Chateauroy wrenched his wrist out of the hold that crushed it, and
drew his pistol. Cecil knew that the laws of active service would hold
him but justly dealt with if the shot laid him dead in that instant
for his act and his words.

"You can kill me--I know it. Well, use your prerogative; it will be
the sole good you have ever done to me."

And he stood erect, patient, motionless, looking into his chief's eyes
with a calm disdain, with an unuttered challenge that, for the first
moment, wrung something of savage respect and of sullen admiration out
from the soul of his great foe.

He did not fire; it was the only time in which any trait of abstinence
from cruelty had been ever seen in him. He signed to the soldiers of
the guard with one hand, while with the other he still covered with
his pistol the man whom martial law would have allowed him to have
shot down, or have cut down, at his horse's feet.

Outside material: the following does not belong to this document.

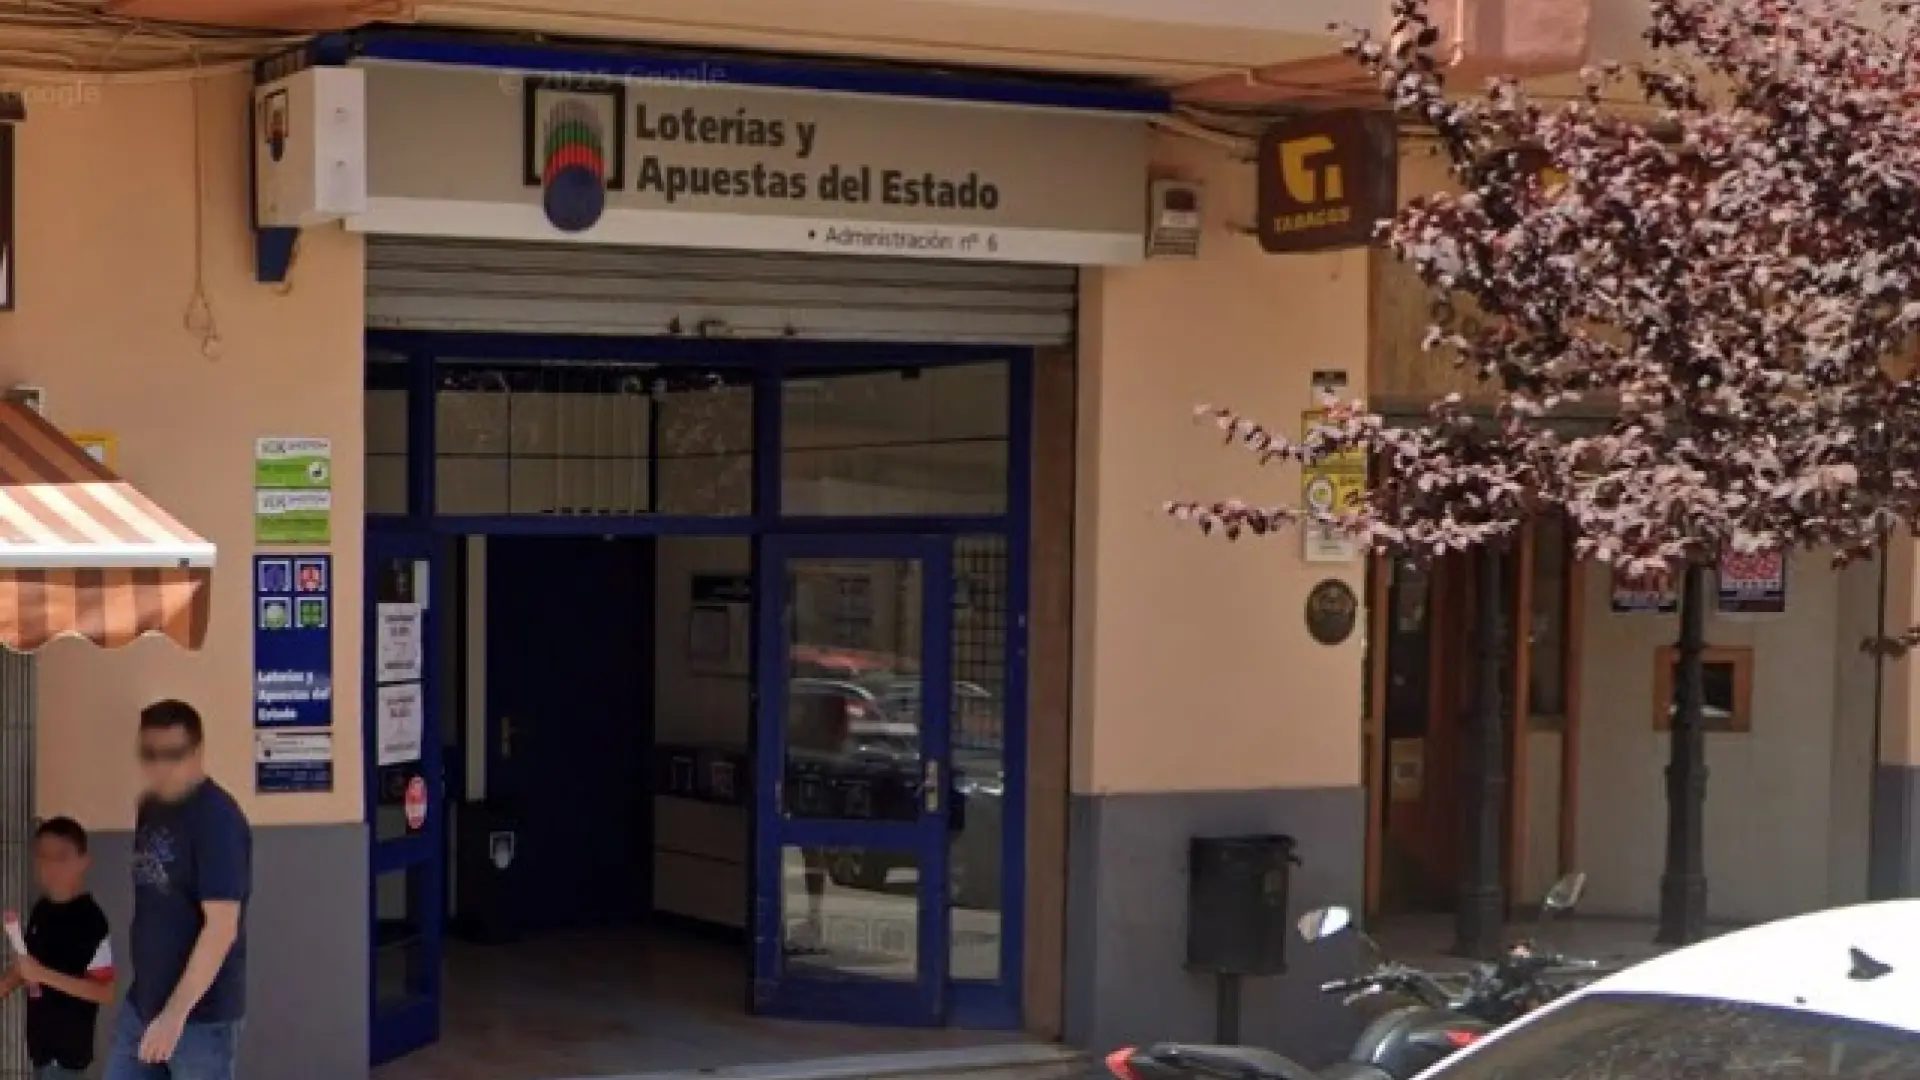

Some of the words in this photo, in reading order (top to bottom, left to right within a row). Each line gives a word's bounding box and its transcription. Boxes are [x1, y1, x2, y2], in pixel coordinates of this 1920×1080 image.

"Arrest him," he said simply.

Cecil offered no resistance; he let them seize and disarm him without
an effort at the opposition which could have been but a futile,
unavailing trial of brute force. He dreaded lest there should be one
sound that should reach her in that tent where the triad of standards
drooped in the dusky distance. He had been, moreover, too long beneath
the yoke of that despotic and irresponsible authority to waste breath
or to waste dignity in vain contest with the absolute and the
immutable. He was content with what he had done--content to have met
once, not as soldier to chief, but as man to man, the tyrant who held
his fate.

For once, beneath the spur of that foul outrage to the dignity and the
innocence of the woman he had quitted, he had allowed a passionate
truth to force its way through the barriers of rank and the bonds of
subservience. Insult to himself he had borne as the base prerogative
of his superior, but insult to her he had avenged with the vengeance
of equal to equal, of the man who loved on the man who calumniated

And as he sat in the darkness of the night with the heavy tramp of his
guards forever on his ear, there was peace rather than rebellion in
his heart--the peace of one heartsick with strife and with temptation,
who beholds in death a merciful ending to the ordeal of existence. "I
shall die in her cause at least," he thought. "I could be content if I
were only sure that she would never know."

For this was the chief dread which hung on him, that she should ever
know, and in knowing, suffer for his sake.

The night rolled on, the army around him knew nothing of what had
happened. Chateauroy, conscious of his own coarse guilt against the
guest of his Marshal, kept the matter untold and undiscovered, under
the plea that he desired not to destroy the harmony of the general
rejoicing. The one or two field-officers with whom he took counsel
agreed to the wisdom of letting the night pass away undisturbed. The
accused was the idol of his own squadron; there was no gauge what
might not be done by troops heated with excitement and drunk with
wine, if they knew that their favorite comrade had set the example of
insubordination, and would be sentenced to suffer for it. Beyond
these, and the men employed in his arrest and guard, none knew what
had chanced; not the soldiery beneath that vast sea of canvas, many of
whom would have rushed headlong to mutiny and to destruction at his
word; not the woman who in the solitude of her wakeful hours was
haunted by the memory of his love-words, and felt steal on her the
unacknowledged sense that, if his future were left to misery,
happiness could never more touch her own; not the friend of his early
days, laughing and drinking with the officers of the staff.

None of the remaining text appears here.